▶ Extracted information
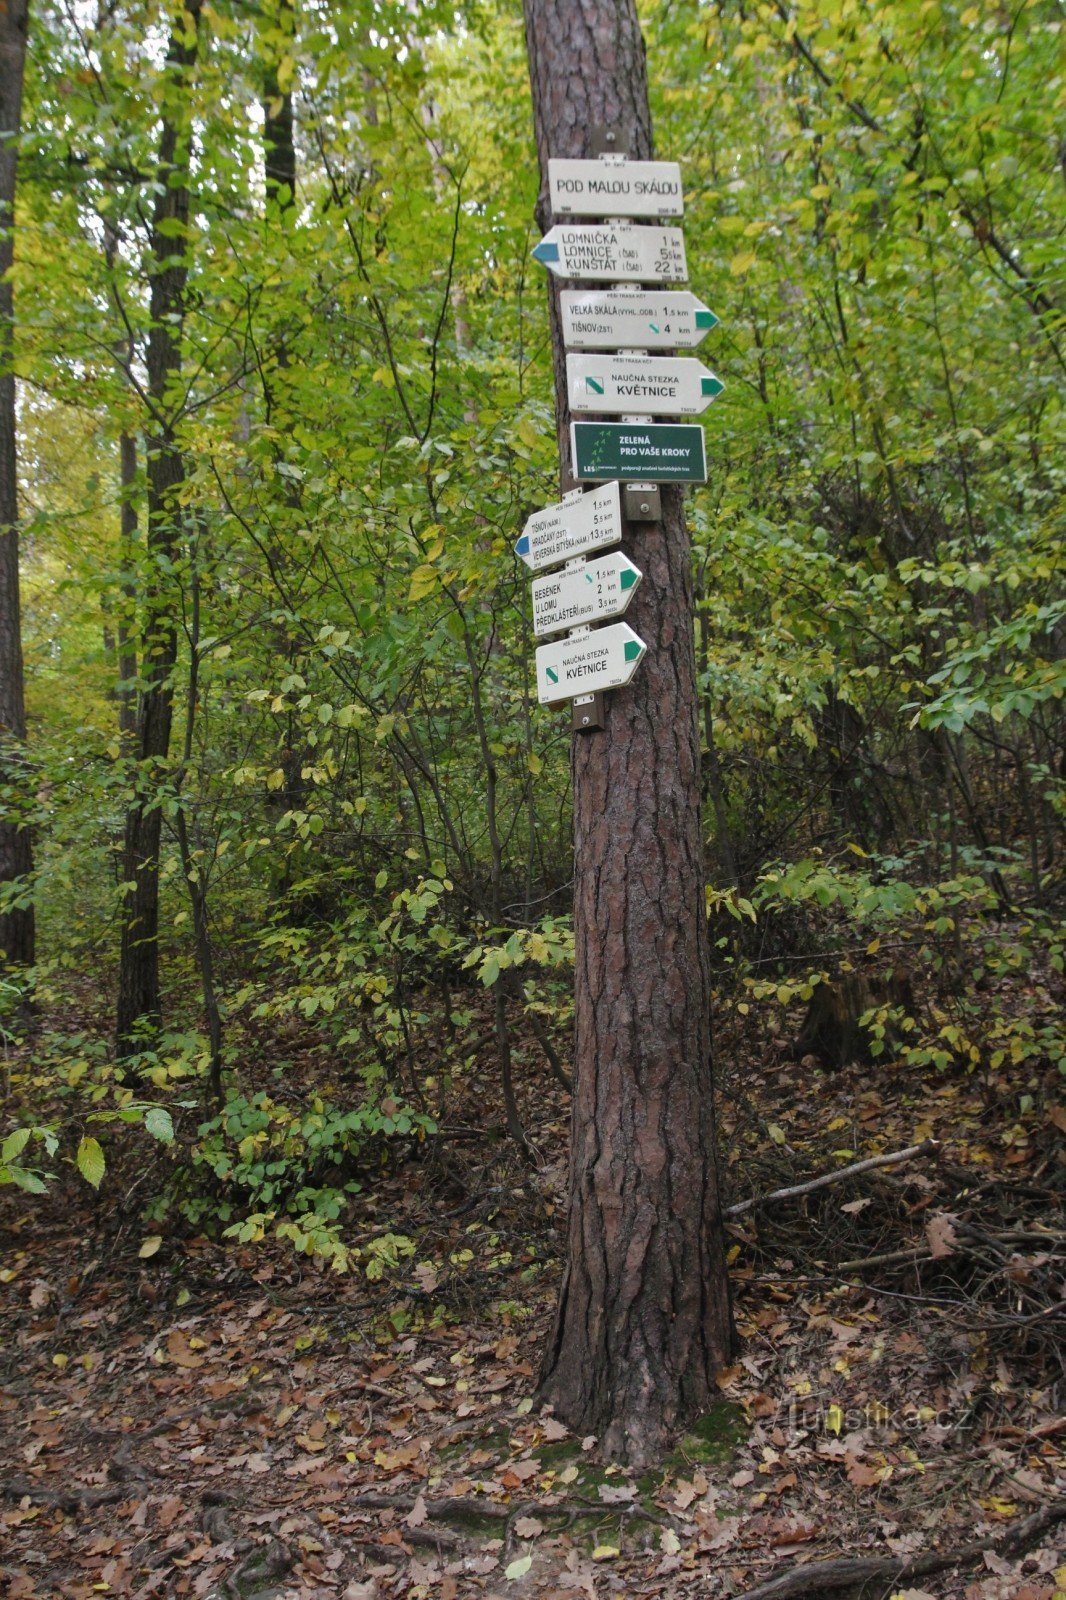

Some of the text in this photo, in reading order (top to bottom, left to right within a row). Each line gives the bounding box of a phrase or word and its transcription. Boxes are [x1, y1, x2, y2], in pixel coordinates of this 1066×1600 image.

[556, 178, 678, 194] POD MALOU SKÁLOU
[562, 232, 680, 246] LOMNIČKA 1 km
[564, 246, 612, 258] LOMNICE
[566, 256, 617, 272] KUNŠTÁT
[654, 260, 670, 273] 22
[674, 263, 684, 273] km
[570, 304, 592, 315] VELKÁ
[664, 324, 670, 334] 4
[612, 373, 680, 384] NAUČNÁ STEZKA
[617, 384, 676, 397] KVĚTNICE
[620, 435, 650, 445] ZELENÁ
[620, 446, 690, 456] PRO VAŠE KROKY
[603, 499, 612, 507] km
[604, 513, 612, 521] km
[536, 603, 540, 614] U
[541, 598, 557, 612] LOMU
[598, 584, 602, 594] 2
[562, 648, 609, 666] NAUČNÁ STEZKA
[566, 660, 607, 680] KVĚTNICE

▶ Instructions to follow
Repeat the entries exactly, without pictures.

▶ Finished task
Some of the text in this photo, in reading order (top to bottom, left to right within a row). Each line gives the bounding box of a phrase or word and its transcription. Boxes are [x1, y1, x2, y2], in pixel coordinates of this 1066×1600 image.

[556, 178, 678, 194] POD MALOU SKÁLOU
[562, 232, 680, 246] LOMNIČKA 1 km
[564, 246, 612, 258] LOMNICE
[566, 256, 617, 272] KUNŠTÁT
[654, 260, 670, 273] 22
[674, 263, 684, 273] km
[570, 304, 592, 315] VELKÁ
[664, 324, 670, 334] 4
[612, 373, 680, 384] NAUČNÁ STEZKA
[617, 384, 676, 397] KVĚTNICE
[620, 435, 650, 445] ZELENÁ
[620, 446, 690, 456] PRO VAŠE KROKY
[603, 499, 612, 507] km
[604, 513, 612, 521] km
[536, 603, 540, 614] U
[541, 598, 557, 612] LOMU
[598, 584, 602, 594] 2
[562, 648, 609, 666] NAUČNÁ STEZKA
[566, 660, 607, 680] KVĚTNICE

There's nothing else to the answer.